Female artists have long been overshadowed by their male peers, with many unknown or forgotten to history. Although some have recently enjoyed a resurgence of attention, most of their names remain little-known today. In an effort to change that, we shine some spotlight on the great female artists overlooked by history and highlight their contributions to the world of art.
Where Are the Women Artists?
But before we jump to our list, let’s answer the question everyone’s thinking—where are all the women artists? While it’s easy to find examples of great male artists throughout history, female artists remain largely absent from the conversation. In fact, less than fifteen percent of the artists in the world’s top museums are women, according to a study by Artnet News.
There are a number of factors that play into this statistic.
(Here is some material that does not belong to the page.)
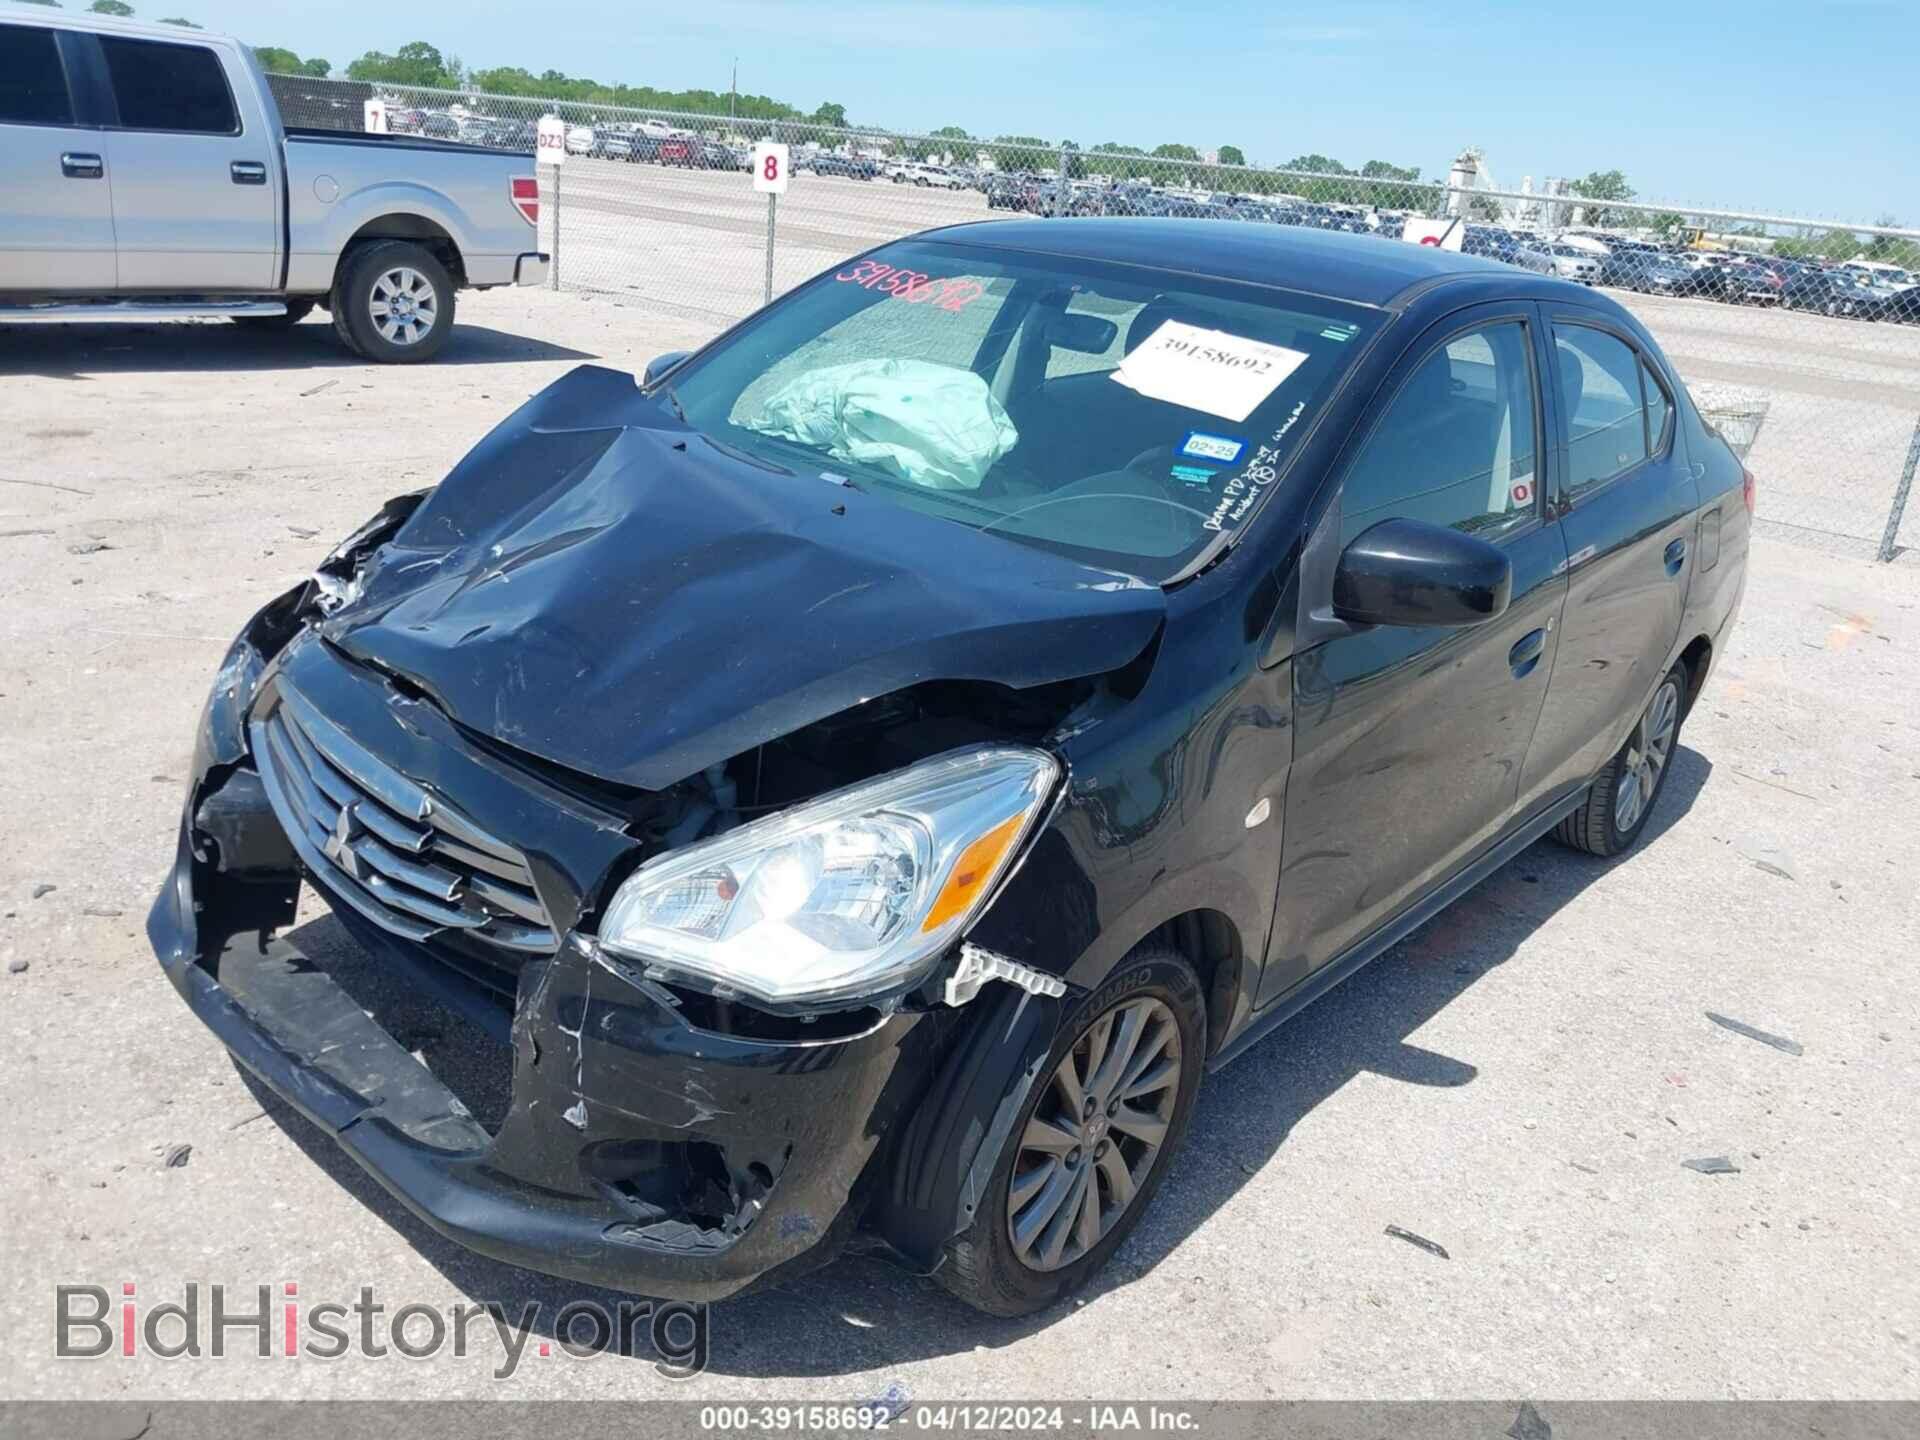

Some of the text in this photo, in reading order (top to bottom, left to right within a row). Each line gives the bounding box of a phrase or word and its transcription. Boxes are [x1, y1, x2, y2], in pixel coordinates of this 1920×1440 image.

[371, 110, 379, 131] 7
[764, 155, 777, 180] 8
[1154, 338, 1272, 375] 39158692
[1223, 478, 1245, 496] PD
For one, women have only been able to pursue art as a profession for less than two hundred years. Before that, most art schools refused to admit female students, and very few institutions would publicly display their work. Those few women who did manage to create art were either self-taught or tutored by their fathers, often lagging behind their male counterparts in skill and technique.
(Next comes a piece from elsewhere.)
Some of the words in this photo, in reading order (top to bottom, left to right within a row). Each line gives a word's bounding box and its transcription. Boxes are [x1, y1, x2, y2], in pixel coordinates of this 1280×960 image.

From the 16th to the 19th centuries, the life-drawing of the nude was the basis of all artistic training, yet women were not allowed to study nudes for reasons of morality. As a result, aspiring female artists were denied the opportunity to hone the single most important skill necessary to conceive significant works of art. Instead, they had to rely on second-hand sources such as plaster casts or drawings by their male peers.
Related to all this were the patriarchal social norms preventing women from pursuing a career outside the home. For most of history, it was simply not seen as proper for a woman to be working, let alone doing so in the public eye. So while their male contemporaries could network and build relationships with other artists and potential patrons, female artists were largely confined to their homes and families, devoting their energies to more “ladylike” pursuits such as needlework or embroidery.
Incidentally, this further fed into the stereotype of women lacking the capacity to become great artists, as historically, crafts have been seen as inferior to art. What a cruel irony that the very skills women were forced to develop in order to be seen as respectable members of society ended up being used against them, furthering the notion that their work was unworthy of serious consideration.
This is not to say that women didn’t create art during this time—quite the contrary. But their achievements were often undermined, ignored, or, as you’re about to find out, attributed to men. And since history is written by the victors, these women were largely left out of the story. Here’s where we attempt to set the record straight.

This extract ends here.